9. How the ground truth for the training set was established:
This is not applicable for the same reason as point 8.
§ 876.5860 High permeability hemodialysis system.
(a)
Identification. A high permeability hemodialysis system is a device intended for use as an artificial kidney system for the treatment of patients with renal failure, fluid overload, or toxemic conditions by performing such therapies as hemodialysis, hemofiltration, hemoconcentration, and hemodiafiltration. Using a hemodialyzer with a semipermeable membrane that is more permeable to water than the semipermeable membrane of the conventional hemodialysis system (§ 876.5820), the high permeability hemodialysis system removes toxins or excess fluid from the patient's blood using the principles of convection (via a high ultrafiltration rate) and/or diffusion (via a concentration gradient in dialysate). During treatment, blood is circulated from the patient through the hemodialyzer's blood compartment, while the dialysate solution flows countercurrent through the dialysate compartment. In this process, toxins and/or fluid are transferred across the membrane from the blood to the dialysate compartment. The hemodialysis delivery machine controls and monitors the parameters related to this processing, including the rate at which blood and dialysate are pumped through the system, and the rate at which fluid is removed from the patient. The high permeability hemodialysis system consists of the following devices:(1) The hemodialyzer consists of a semipermeable membrane with an in vitro ultrafiltration coefficient (K
uf ) greater than 8 milliliters per hour per conventional millimeter of mercury, as measured with bovine or expired human blood, and is used with either an automated ultrafiltration controller or anther method of ultrafiltration control to prevent fluid imbalance.(2) The hemodialysis delivery machine is similar to the extracorporeal blood system and dialysate delivery system of the hemodialysis system and accessories (§ 876.5820), with the addition of an ultrafiltration controller and mechanisms that monitor and/or control such parameters as fluid balance, dialysate composition, and patient treatment parameters (e.g., blood pressure, hematocrit, urea, etc.).

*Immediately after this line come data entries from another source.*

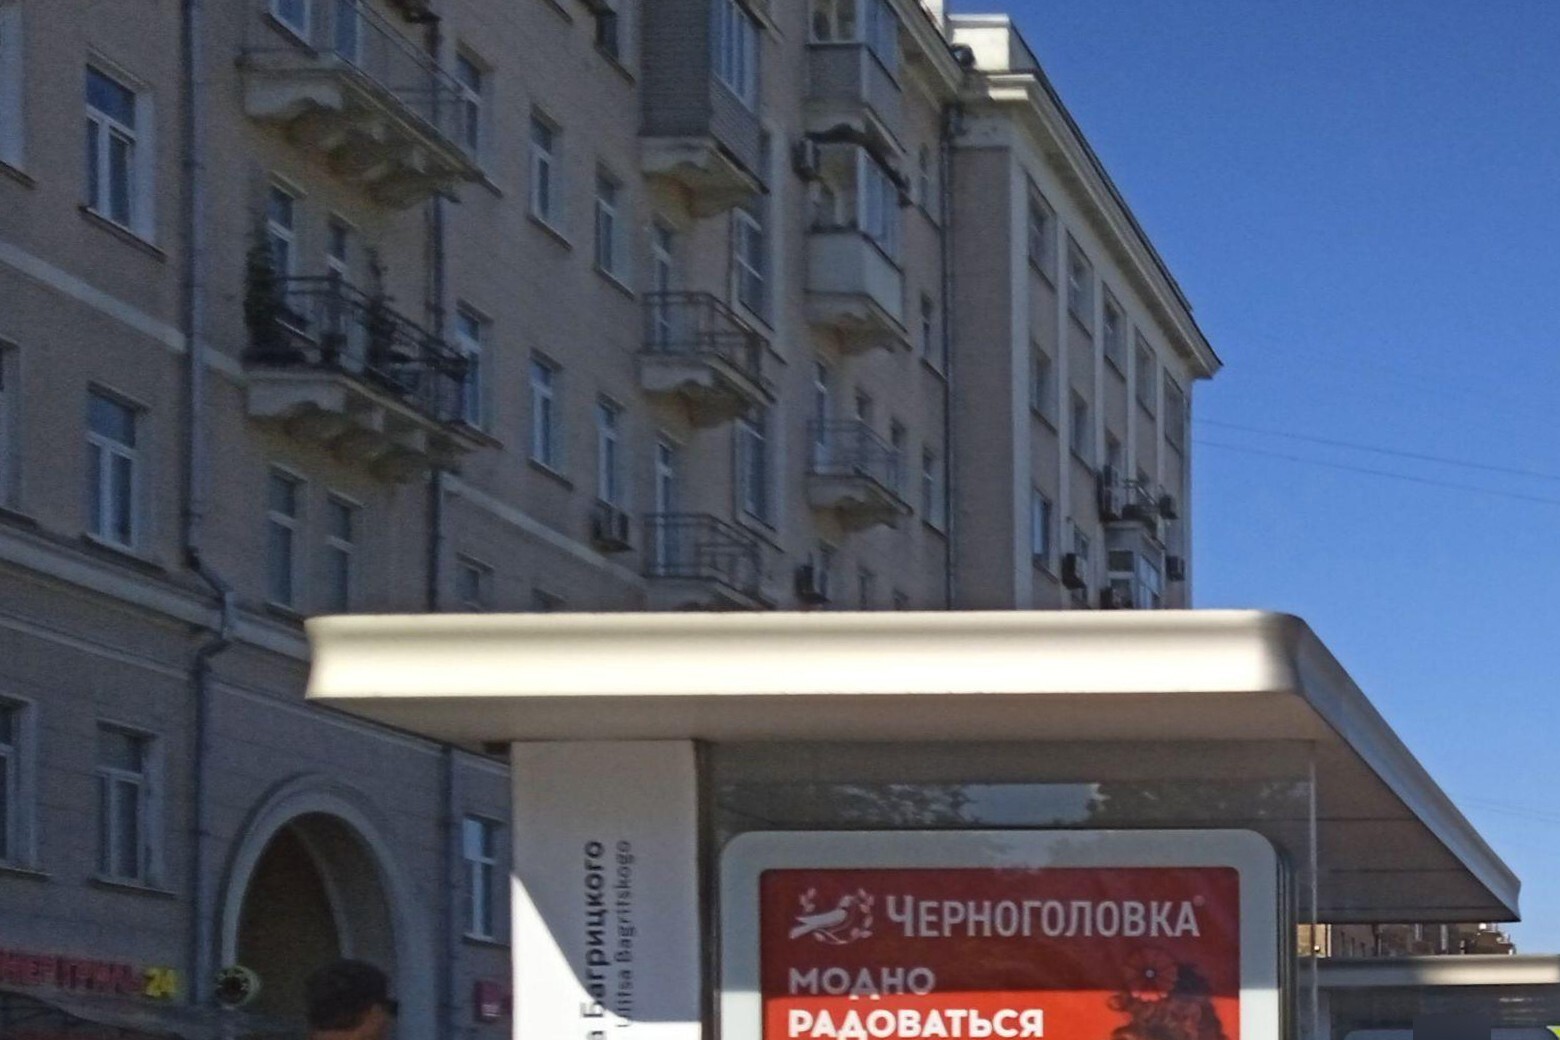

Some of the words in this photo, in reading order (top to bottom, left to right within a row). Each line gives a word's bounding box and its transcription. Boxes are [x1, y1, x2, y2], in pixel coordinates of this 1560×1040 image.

[614, 840, 636, 963] Bagritskogo
[886, 895, 1200, 938] ЧЕРНОГОЛОВКА
[580, 840, 611, 1019] Багрицкого
[788, 967, 936, 1000] МОДНО
[788, 1009, 1044, 1040] РАДОВАТЬСЯ

(3) The high permeability hemodialysis system accessories include, but are not limited to, tubing lines and various treatment related monitors (e.g., dialysate pH, blood pressure, hematocrit, and blood recirculation monitors).
(b)
Classification. Class II. The special controls for this device are FDA's:(1) “Use of International Standard ISO 10993 ‘Biological Evaluation of Medical Device—Part I: Evaluation and Testing,’ ”
(2) “Guidance for the Content of 510(k)s for Conventional and High Permeability Hemodialyzers,”
(3) “Guidance for Industry and CDRH Reviewers on the Content of Premarket Notifications for Hemodialysis Delivery Systems,”
(4) “Guidance for the Content of Premarket Notifications for Water Purification Components and Systems for Hemodialysis,” and
(5) “Guidance for Hemodialyzer Reuse Labeling.”